Bununla birlikte, Amerikan şirketleri ham petrolleri için çabucak yeni müşteriler buldu ve ihracat Eylül ayında neredeyse tamamen toparlandı. ABD petrolü daha çekici hale geldi, çünkü WTI Brent karşısında daha büyük indirimler ile işlem gördü. Bu ayrıca ABD’li üreticilerin Çin dışında başka küresel müşteriler bulmasına da yardım etti.
3. İran petrol ihracatı güçlü kalmayı sürdürüyor
Ağustos ayındaki hikaye, İran’ın müşterilerinin 4 Kasım’da yürürlüğe girecek olan ABD yaptırımları için bir hazırlık olarak İran petrol alımını kesmeleriyle, İran petrol ihracatının gerileyecek olmasıydı. Anlaşıldığı üzere, bu uzun süre geçerli değil. Ekimi yarıladık ve İran petrol ihracatı gücünü koruyor. TankerTrackers.com raporuna göre, İran Ekim ayının ilk iki haftasında günlük 2,2 milyon varil ihracat yaptı. Bu rakam Eylül ayından neredeyse 200.000 varil fazla.
Bu durum, yaptırımların yürürlüğe girmesine 2,5 hafta kala ABD’li politikacıların istediği bir şey değil. İran’ın müşterilerinin İran petrol alımını düşürmeleri bekleniyor, artırmaları değil. Resmi olarak, ABD hala piyasada “sıfır” İran petrolü istiyor ancak ABD’nin bu isteğine ulaşması mümkün görünmüyor.

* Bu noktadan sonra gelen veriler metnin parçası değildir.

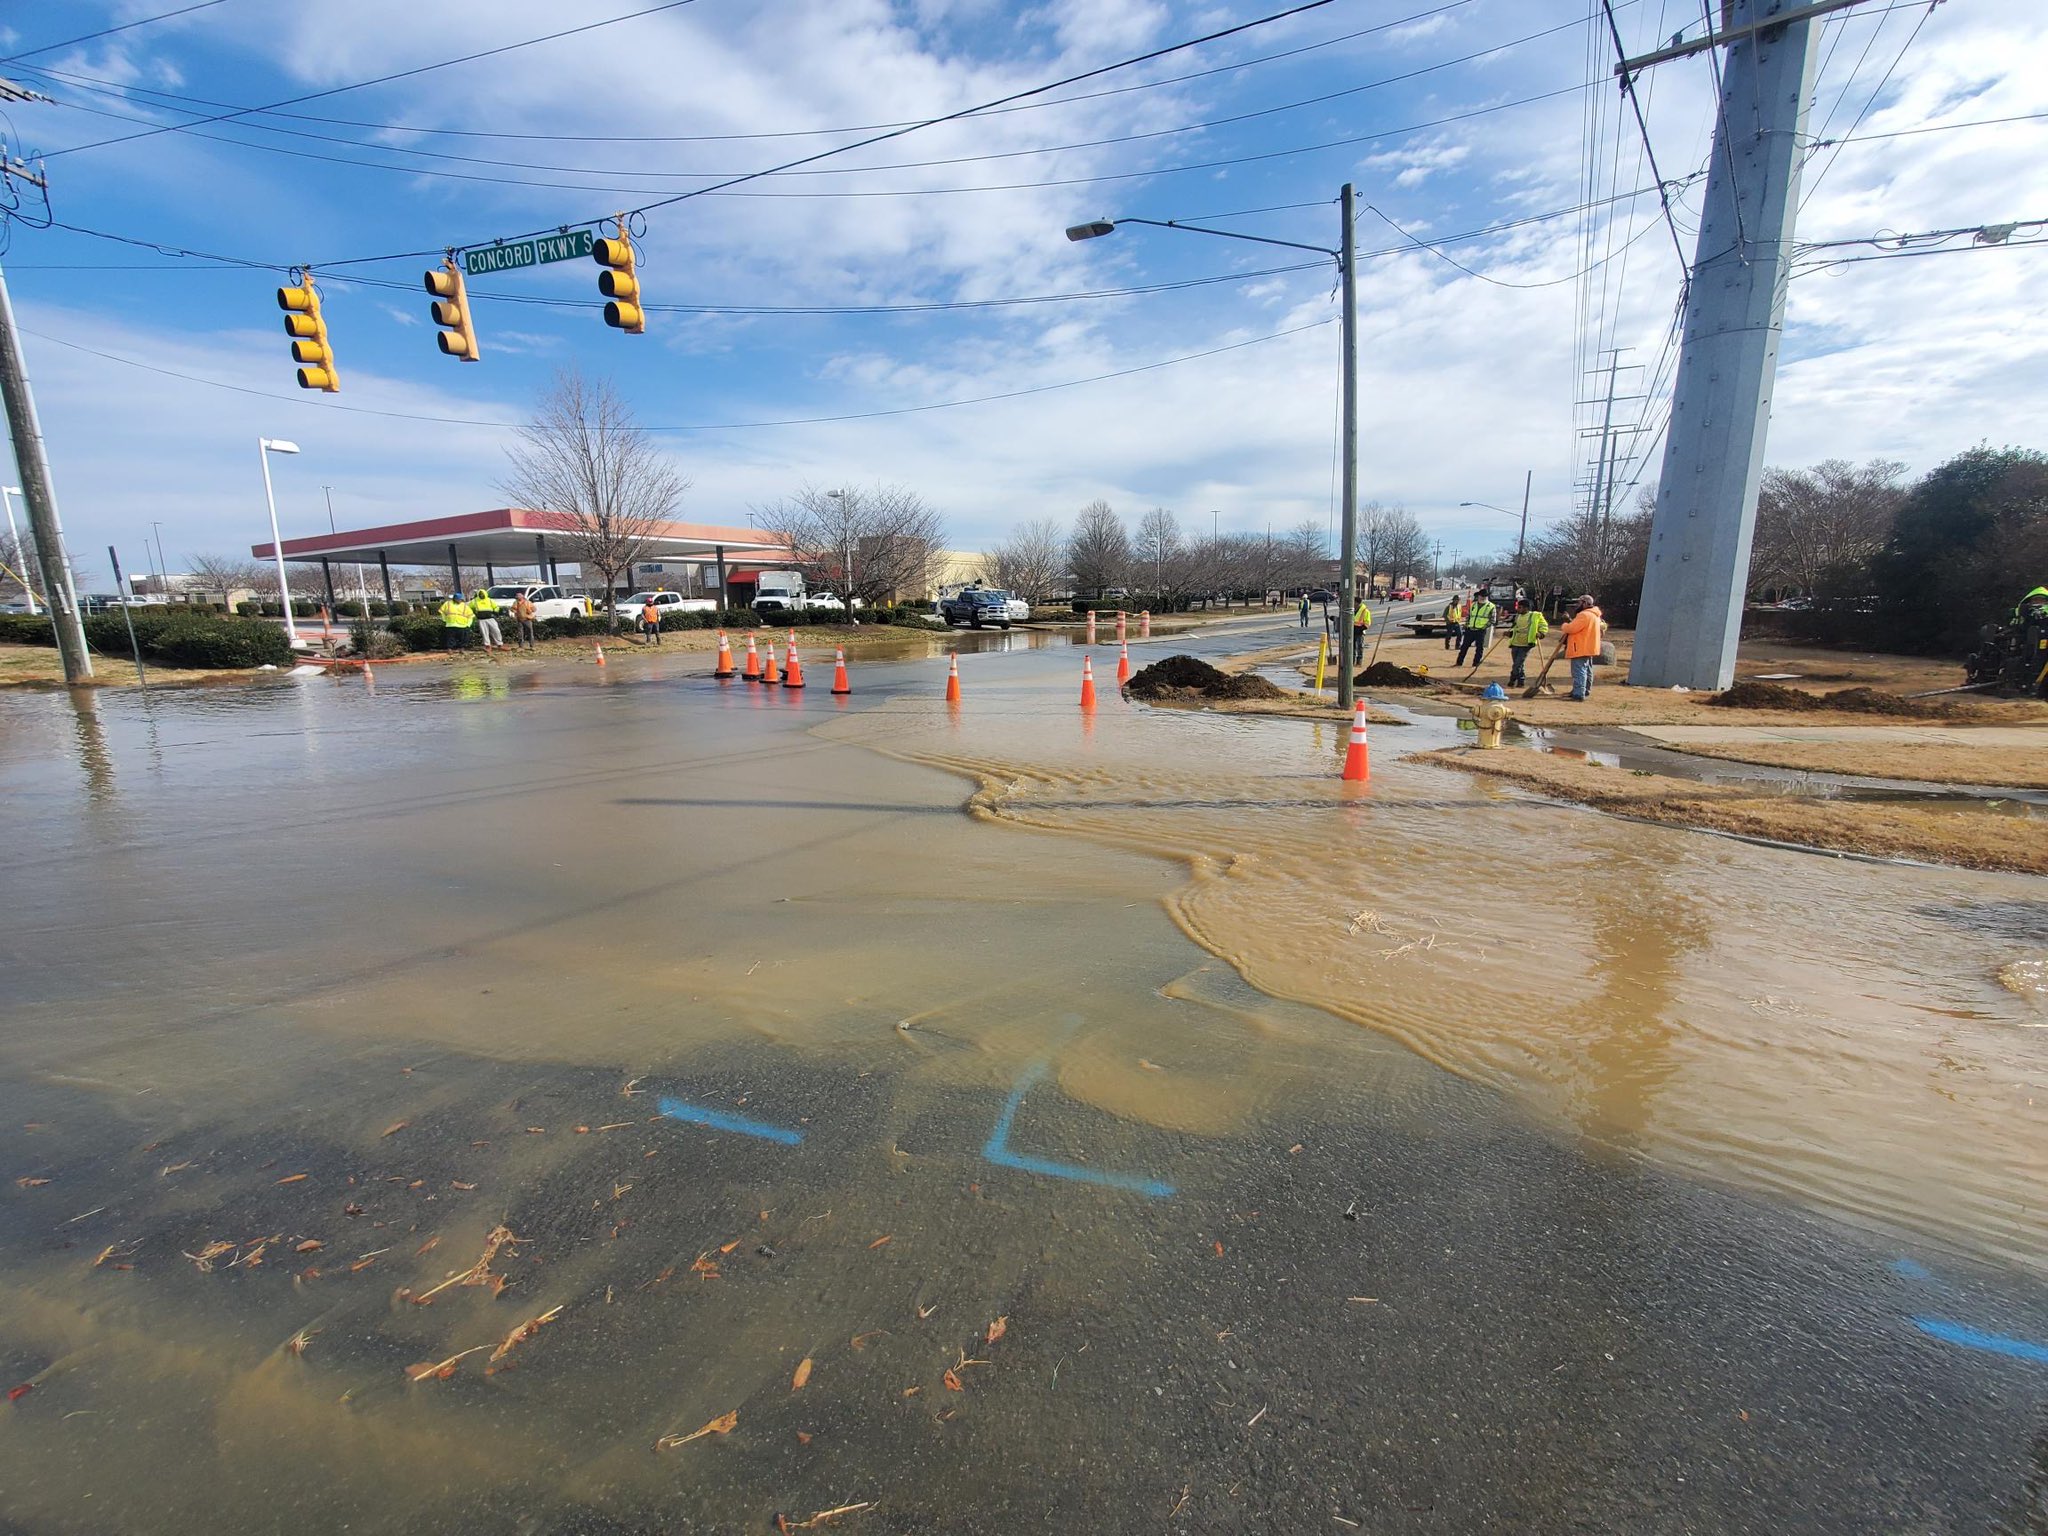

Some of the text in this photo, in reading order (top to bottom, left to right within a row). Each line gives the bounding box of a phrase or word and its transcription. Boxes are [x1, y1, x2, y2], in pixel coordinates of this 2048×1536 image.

[469, 233, 593, 273] CONCORD PKWY S

4. Jeopolitik gerilimler petrol fiyatlarını etkilemiyor
ABD ve Suudi Arabistan arasındaki gerilimler, Suudi gazeteci ve aktivist Jamal Khashoggi’nin ortadan kaybolması üzerine gittikçe büyüyor. ABD milletvekilleri, bir ihtimal olarak Suudi Arabistan üzerine yaptırımları tartıştı ve Suudi Arabistan, ABD’ye petrol ihracatını durdurmak veya üretimi kesmek ve petrol fiyatlarını artırmak ile tehdit etti.
Tipik olarak, bu tarz jeopolitik gerilimler, petrol piyasasında artış anlamına gelecektir. Pazar gecesi petrol vadeli işlemlerinde açık bir artış haricinde, piyasalar özünde Suudi – ABD meselesini umursamadı. Piyasa izleyicileri, Suudi Arabistan’ın boş tehdidine kanmadı ve petrol fiyatları aslında bu hafta şimdiye kadar, artan stoklar üzerine, düşüş yaşadı.